→ Goal of the exercise
Repeat each entry exactly.

→ Material provided
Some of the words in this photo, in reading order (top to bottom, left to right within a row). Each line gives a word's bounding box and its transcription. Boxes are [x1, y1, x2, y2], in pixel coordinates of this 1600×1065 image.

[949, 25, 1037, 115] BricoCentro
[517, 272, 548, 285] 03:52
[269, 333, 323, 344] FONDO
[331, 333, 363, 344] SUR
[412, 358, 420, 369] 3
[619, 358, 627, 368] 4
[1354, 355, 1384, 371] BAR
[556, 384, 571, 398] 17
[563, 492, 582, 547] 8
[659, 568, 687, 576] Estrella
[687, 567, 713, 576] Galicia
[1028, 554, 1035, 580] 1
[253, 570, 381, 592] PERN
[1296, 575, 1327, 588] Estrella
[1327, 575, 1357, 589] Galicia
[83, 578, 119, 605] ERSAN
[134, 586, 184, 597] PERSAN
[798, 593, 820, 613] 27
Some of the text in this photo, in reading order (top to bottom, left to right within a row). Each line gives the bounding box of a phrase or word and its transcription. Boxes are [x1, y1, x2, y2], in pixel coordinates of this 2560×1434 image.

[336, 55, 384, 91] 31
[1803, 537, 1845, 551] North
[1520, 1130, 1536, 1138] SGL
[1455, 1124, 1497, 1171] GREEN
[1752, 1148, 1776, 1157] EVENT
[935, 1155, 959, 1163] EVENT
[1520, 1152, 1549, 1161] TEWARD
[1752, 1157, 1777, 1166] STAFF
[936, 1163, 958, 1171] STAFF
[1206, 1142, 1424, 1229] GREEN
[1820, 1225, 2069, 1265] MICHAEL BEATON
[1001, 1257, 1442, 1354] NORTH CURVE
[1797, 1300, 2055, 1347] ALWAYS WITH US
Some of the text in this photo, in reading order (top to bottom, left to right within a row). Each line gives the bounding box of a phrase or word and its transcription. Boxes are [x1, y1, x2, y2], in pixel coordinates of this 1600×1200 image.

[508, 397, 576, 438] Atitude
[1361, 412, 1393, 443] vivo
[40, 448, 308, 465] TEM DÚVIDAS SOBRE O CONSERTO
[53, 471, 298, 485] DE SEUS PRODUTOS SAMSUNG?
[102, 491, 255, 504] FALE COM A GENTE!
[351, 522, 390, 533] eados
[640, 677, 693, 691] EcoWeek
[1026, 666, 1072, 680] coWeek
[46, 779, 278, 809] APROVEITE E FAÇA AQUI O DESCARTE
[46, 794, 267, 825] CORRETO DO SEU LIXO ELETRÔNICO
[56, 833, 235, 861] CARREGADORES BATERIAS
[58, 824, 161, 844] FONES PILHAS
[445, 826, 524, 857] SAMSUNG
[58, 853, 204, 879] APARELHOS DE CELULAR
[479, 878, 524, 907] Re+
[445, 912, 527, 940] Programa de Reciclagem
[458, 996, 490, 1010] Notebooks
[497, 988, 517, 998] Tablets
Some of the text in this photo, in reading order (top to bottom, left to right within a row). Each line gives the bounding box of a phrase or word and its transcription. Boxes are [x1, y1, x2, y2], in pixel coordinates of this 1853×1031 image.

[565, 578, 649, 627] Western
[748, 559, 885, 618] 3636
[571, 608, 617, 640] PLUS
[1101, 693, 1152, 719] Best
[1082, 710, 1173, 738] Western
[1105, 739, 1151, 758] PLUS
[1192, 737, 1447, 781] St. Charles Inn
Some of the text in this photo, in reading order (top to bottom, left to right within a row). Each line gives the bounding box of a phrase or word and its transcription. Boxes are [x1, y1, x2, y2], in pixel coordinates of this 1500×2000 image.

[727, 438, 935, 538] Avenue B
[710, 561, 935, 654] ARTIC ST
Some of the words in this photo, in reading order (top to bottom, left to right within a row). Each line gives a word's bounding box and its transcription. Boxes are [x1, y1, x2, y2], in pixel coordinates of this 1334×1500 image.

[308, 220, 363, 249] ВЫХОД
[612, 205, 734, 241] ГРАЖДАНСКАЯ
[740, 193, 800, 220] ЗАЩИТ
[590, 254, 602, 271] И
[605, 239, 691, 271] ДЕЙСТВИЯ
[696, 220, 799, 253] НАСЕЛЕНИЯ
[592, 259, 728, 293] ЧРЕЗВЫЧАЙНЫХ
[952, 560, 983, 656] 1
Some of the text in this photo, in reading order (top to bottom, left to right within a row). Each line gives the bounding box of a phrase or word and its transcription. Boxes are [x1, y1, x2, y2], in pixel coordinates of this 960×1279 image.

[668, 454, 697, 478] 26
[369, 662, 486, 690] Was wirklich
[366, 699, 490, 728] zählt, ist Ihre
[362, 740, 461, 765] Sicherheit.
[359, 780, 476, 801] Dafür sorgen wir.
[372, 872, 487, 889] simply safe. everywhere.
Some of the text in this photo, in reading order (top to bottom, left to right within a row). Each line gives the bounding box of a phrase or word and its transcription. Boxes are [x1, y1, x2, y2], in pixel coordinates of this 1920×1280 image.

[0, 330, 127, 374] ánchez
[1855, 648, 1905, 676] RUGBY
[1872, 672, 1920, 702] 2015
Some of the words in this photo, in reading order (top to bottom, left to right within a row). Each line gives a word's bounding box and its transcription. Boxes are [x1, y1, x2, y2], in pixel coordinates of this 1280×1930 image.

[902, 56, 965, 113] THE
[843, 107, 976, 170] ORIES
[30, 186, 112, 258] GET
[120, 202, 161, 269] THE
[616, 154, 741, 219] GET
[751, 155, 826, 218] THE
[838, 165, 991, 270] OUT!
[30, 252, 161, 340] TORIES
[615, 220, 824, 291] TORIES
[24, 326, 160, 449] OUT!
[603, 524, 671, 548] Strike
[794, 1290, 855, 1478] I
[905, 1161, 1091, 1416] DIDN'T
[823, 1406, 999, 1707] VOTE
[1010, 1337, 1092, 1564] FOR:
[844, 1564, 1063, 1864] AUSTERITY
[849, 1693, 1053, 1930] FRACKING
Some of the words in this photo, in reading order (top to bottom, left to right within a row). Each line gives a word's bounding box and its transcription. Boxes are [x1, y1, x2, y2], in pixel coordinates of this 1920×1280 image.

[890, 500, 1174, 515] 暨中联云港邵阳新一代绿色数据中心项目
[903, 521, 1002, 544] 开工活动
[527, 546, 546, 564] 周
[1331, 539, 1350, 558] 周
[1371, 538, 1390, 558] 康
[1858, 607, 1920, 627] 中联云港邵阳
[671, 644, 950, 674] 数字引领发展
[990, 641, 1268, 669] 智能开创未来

→ The answer
Some of the words in this photo, in reading order (top to bottom, left to right within a row). Each line gives a word's bounding box and its transcription. Boxes are [x1, y1, x2, y2], in pixel coordinates of this 1600×1065 image.

[949, 25, 1037, 115] BricoCentro
[517, 272, 548, 285] 03:52
[269, 333, 323, 344] FONDO
[331, 333, 363, 344] SUR
[412, 358, 420, 369] 3
[619, 358, 627, 368] 4
[1354, 355, 1384, 371] BAR
[556, 384, 571, 398] 17
[563, 492, 582, 547] 8
[659, 568, 687, 576] Estrella
[687, 567, 713, 576] Galicia
[1028, 554, 1035, 580] 1
[253, 570, 381, 592] PERN
[1296, 575, 1327, 588] Estrella
[1327, 575, 1357, 589] Galicia
[83, 578, 119, 605] ERSAN
[134, 586, 184, 597] PERSAN
[798, 593, 820, 613] 27
Some of the text in this photo, in reading order (top to bottom, left to right within a row). Each line gives the bounding box of a phrase or word and its transcription. Boxes are [x1, y1, x2, y2], in pixel coordinates of this 2560×1434 image.

[336, 55, 384, 91] 31
[1803, 537, 1845, 551] North
[1520, 1130, 1536, 1138] SGL
[1455, 1124, 1497, 1171] GREEN
[1752, 1148, 1776, 1157] EVENT
[935, 1155, 959, 1163] EVENT
[1520, 1152, 1549, 1161] TEWARD
[1752, 1157, 1777, 1166] STAFF
[936, 1163, 958, 1171] STAFF
[1206, 1142, 1424, 1229] GREEN
[1820, 1225, 2069, 1265] MICHAEL BEATON
[1001, 1257, 1442, 1354] NORTH CURVE
[1797, 1300, 2055, 1347] ALWAYS WITH US
Some of the text in this photo, in reading order (top to bottom, left to right within a row). Each line gives the bounding box of a phrase or word and its transcription. Boxes are [x1, y1, x2, y2], in pixel coordinates of this 1600×1200 image.

[508, 397, 576, 438] Atitude
[1361, 412, 1393, 443] vivo
[40, 448, 308, 465] TEM DÚVIDAS SOBRE O CONSERTO
[53, 471, 298, 485] DE SEUS PRODUTOS SAMSUNG?
[102, 491, 255, 504] FALE COM A GENTE!
[351, 522, 390, 533] eados
[640, 677, 693, 691] EcoWeek
[1026, 666, 1072, 680] coWeek
[46, 779, 278, 809] APROVEITE E FAÇA AQUI O DESCARTE
[46, 794, 267, 825] CORRETO DO SEU LIXO ELETRÔNICO
[56, 833, 235, 861] CARREGADORES BATERIAS
[58, 824, 161, 844] FONES PILHAS
[445, 826, 524, 857] SAMSUNG
[58, 853, 204, 879] APARELHOS DE CELULAR
[479, 878, 524, 907] Re+
[445, 912, 527, 940] Programa de Reciclagem
[458, 996, 490, 1010] Notebooks
[497, 988, 517, 998] Tablets
Some of the text in this photo, in reading order (top to bottom, left to right within a row). Each line gives the bounding box of a phrase or word and its transcription. Boxes are [x1, y1, x2, y2], in pixel coordinates of this 1853×1031 image.

[565, 578, 649, 627] Western
[748, 559, 885, 618] 3636
[571, 608, 617, 640] PLUS
[1101, 693, 1152, 719] Best
[1082, 710, 1173, 738] Western
[1105, 739, 1151, 758] PLUS
[1192, 737, 1447, 781] St. Charles Inn
Some of the text in this photo, in reading order (top to bottom, left to right within a row). Each line gives the bounding box of a phrase or word and its transcription. Boxes are [x1, y1, x2, y2], in pixel coordinates of this 1500×2000 image.

[727, 438, 935, 538] Avenue B
[710, 561, 935, 654] ARTIC ST
Some of the words in this photo, in reading order (top to bottom, left to right within a row). Each line gives a word's bounding box and its transcription. Boxes are [x1, y1, x2, y2], in pixel coordinates of this 1334×1500 image.

[308, 220, 363, 249] ВЫХОД
[612, 205, 734, 241] ГРАЖДАНСКАЯ
[740, 193, 800, 220] ЗАЩИТ
[590, 254, 602, 271] И
[605, 239, 691, 271] ДЕЙСТВИЯ
[696, 220, 799, 253] НАСЕЛЕНИЯ
[592, 259, 728, 293] ЧРЕЗВЫЧАЙНЫХ
[952, 560, 983, 656] 1
Some of the text in this photo, in reading order (top to bottom, left to right within a row). Each line gives the bounding box of a phrase or word and its transcription. Boxes are [x1, y1, x2, y2], in pixel coordinates of this 960×1279 image.

[668, 454, 697, 478] 26
[369, 662, 486, 690] Was wirklich
[366, 699, 490, 728] zählt, ist Ihre
[362, 740, 461, 765] Sicherheit.
[359, 780, 476, 801] Dafür sorgen wir.
[372, 872, 487, 889] simply safe. everywhere.
Some of the text in this photo, in reading order (top to bottom, left to right within a row). Each line gives the bounding box of a phrase or word and its transcription. Boxes are [x1, y1, x2, y2], in pixel coordinates of this 1920×1280 image.

[0, 330, 127, 374] ánchez
[1855, 648, 1905, 676] RUGBY
[1872, 672, 1920, 702] 2015
Some of the words in this photo, in reading order (top to bottom, left to right within a row). Each line gives a word's bounding box and its transcription. Boxes are [x1, y1, x2, y2], in pixel coordinates of this 1280×1930 image.

[902, 56, 965, 113] THE
[843, 107, 976, 170] ORIES
[30, 186, 112, 258] GET
[120, 202, 161, 269] THE
[616, 154, 741, 219] GET
[751, 155, 826, 218] THE
[838, 165, 991, 270] OUT!
[30, 252, 161, 340] TORIES
[615, 220, 824, 291] TORIES
[24, 326, 160, 449] OUT!
[603, 524, 671, 548] Strike
[794, 1290, 855, 1478] I
[905, 1161, 1091, 1416] DIDN'T
[823, 1406, 999, 1707] VOTE
[1010, 1337, 1092, 1564] FOR:
[844, 1564, 1063, 1864] AUSTERITY
[849, 1693, 1053, 1930] FRACKING
Some of the words in this photo, in reading order (top to bottom, left to right within a row). Each line gives a word's bounding box and its transcription. Boxes are [x1, y1, x2, y2], in pixel coordinates of this 1920×1280 image.

[890, 500, 1174, 515] 暨中联云港邵阳新一代绿色数据中心项目
[903, 521, 1002, 544] 开工活动
[527, 546, 546, 564] 周
[1331, 539, 1350, 558] 周
[1371, 538, 1390, 558] 康
[1858, 607, 1920, 627] 中联云港邵阳
[671, 644, 950, 674] 数字引领发展
[990, 641, 1268, 669] 智能开创未来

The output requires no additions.